WHAT IS REQUIRED
Some lines in the material below hold the word "Original". Copy all of them.

INFORMATION PROVIDED
___

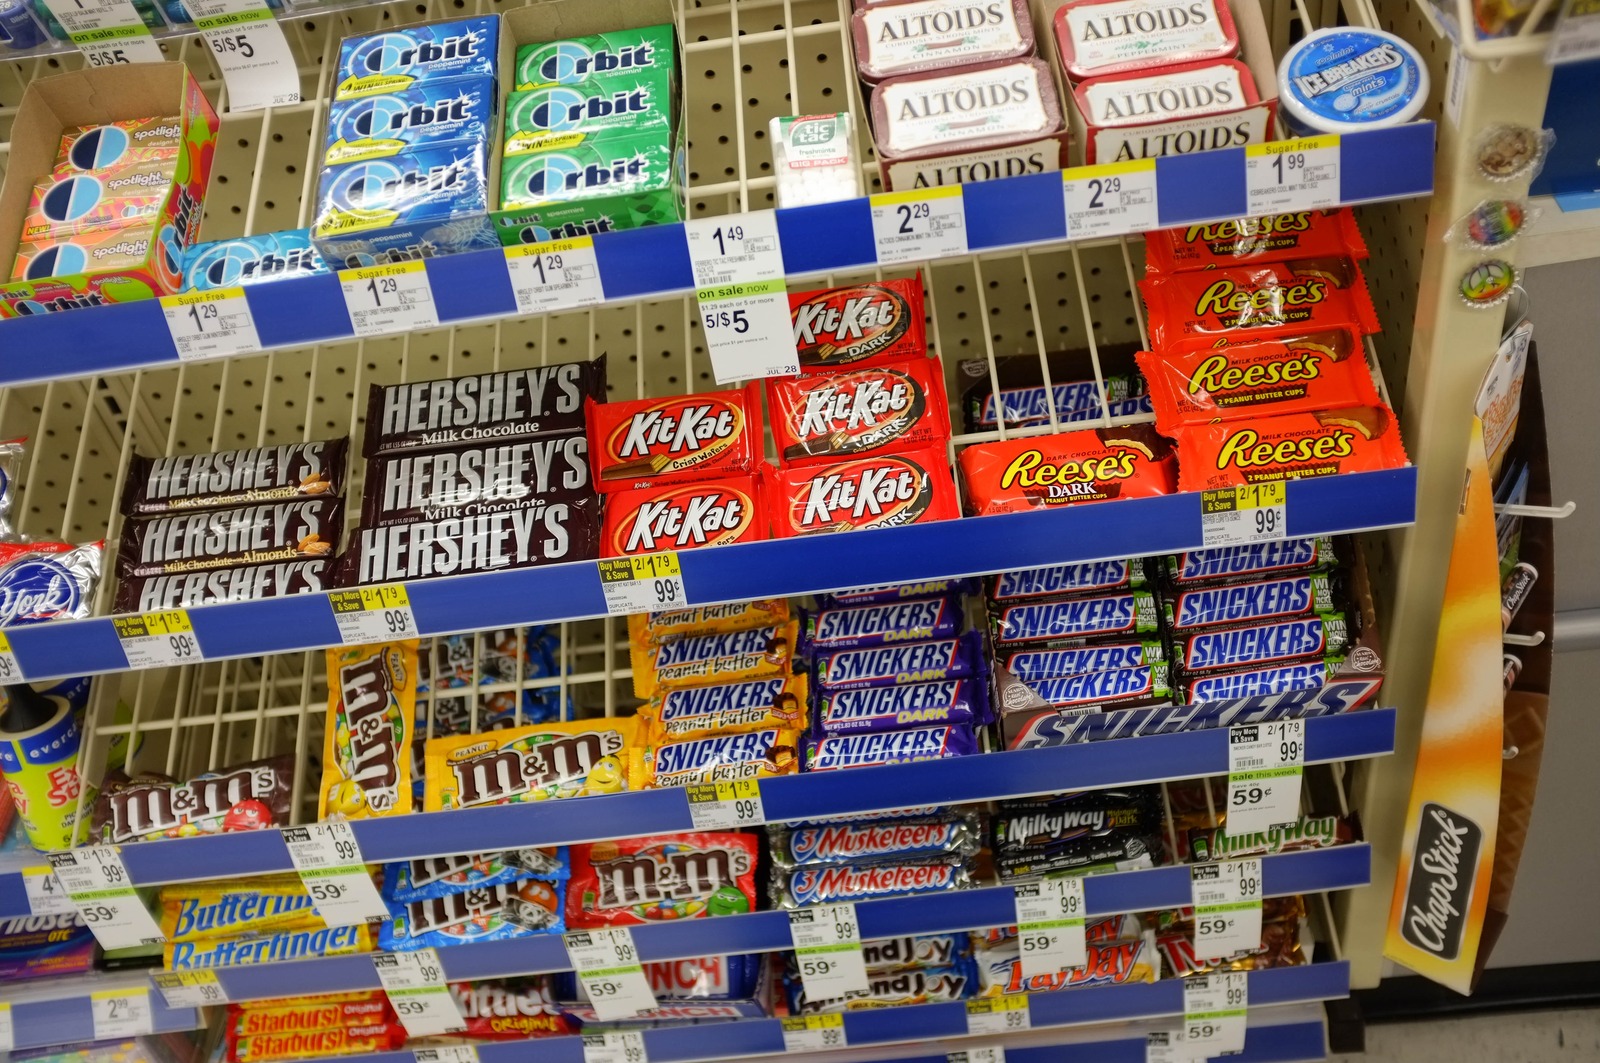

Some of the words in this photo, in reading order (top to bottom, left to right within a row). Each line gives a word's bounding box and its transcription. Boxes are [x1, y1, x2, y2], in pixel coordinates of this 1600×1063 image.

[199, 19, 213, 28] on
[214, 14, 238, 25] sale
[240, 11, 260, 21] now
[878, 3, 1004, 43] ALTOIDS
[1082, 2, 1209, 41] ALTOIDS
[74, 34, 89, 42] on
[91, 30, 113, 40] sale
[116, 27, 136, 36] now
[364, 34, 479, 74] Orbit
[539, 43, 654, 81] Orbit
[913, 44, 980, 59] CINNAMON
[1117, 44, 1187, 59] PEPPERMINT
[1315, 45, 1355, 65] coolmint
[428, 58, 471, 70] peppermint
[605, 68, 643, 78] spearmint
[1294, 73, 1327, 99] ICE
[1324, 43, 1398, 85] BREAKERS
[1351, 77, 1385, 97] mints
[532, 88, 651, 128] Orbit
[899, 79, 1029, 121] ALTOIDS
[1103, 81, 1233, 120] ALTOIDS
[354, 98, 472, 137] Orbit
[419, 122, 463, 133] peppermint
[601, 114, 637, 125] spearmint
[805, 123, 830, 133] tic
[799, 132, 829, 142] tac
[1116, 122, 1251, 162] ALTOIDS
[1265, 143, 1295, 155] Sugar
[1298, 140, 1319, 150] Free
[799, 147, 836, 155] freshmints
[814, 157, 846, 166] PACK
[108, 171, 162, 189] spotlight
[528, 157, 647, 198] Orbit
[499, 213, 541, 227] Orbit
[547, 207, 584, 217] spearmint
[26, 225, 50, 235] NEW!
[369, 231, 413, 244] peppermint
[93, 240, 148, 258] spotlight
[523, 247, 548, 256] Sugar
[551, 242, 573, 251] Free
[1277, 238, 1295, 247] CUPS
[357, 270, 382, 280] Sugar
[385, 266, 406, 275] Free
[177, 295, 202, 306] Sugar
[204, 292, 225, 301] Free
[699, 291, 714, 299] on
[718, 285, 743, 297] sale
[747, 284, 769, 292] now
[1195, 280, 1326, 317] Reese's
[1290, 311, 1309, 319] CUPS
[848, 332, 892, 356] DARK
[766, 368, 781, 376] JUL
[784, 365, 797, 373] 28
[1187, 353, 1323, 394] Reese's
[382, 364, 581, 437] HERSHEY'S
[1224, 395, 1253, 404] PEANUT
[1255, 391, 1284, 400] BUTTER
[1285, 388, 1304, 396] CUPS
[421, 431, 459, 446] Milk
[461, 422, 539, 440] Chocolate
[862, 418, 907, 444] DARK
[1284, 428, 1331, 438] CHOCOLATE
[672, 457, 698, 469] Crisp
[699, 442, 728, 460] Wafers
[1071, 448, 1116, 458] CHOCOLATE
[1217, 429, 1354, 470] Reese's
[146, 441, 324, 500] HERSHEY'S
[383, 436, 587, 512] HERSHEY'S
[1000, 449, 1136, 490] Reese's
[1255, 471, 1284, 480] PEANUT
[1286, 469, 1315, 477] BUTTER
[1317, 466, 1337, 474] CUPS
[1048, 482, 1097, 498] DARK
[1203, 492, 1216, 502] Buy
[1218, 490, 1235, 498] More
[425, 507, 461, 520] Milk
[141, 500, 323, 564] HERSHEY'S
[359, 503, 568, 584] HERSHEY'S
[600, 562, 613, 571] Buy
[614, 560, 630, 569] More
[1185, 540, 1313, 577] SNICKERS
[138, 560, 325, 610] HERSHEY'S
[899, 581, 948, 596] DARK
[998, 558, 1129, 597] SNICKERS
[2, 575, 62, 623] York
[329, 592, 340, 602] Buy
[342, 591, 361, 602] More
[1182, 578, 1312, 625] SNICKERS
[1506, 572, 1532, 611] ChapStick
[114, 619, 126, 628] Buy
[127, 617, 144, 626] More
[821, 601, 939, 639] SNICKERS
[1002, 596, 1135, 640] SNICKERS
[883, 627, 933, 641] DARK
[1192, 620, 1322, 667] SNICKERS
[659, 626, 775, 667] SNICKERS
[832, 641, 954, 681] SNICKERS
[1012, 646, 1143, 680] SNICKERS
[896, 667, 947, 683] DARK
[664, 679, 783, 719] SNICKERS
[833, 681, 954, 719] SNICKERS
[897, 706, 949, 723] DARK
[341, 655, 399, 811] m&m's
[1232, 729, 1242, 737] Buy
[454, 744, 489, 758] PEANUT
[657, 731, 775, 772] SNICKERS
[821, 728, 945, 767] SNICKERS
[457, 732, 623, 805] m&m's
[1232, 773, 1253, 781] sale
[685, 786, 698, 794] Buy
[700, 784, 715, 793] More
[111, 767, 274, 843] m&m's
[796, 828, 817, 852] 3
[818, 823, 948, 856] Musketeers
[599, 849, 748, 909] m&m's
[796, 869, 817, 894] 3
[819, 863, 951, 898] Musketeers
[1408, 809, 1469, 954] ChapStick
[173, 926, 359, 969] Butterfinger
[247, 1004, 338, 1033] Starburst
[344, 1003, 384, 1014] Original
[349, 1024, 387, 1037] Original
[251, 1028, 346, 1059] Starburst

___

THE ANSWER
[344, 1003, 384, 1014] Original
[349, 1024, 387, 1037] Original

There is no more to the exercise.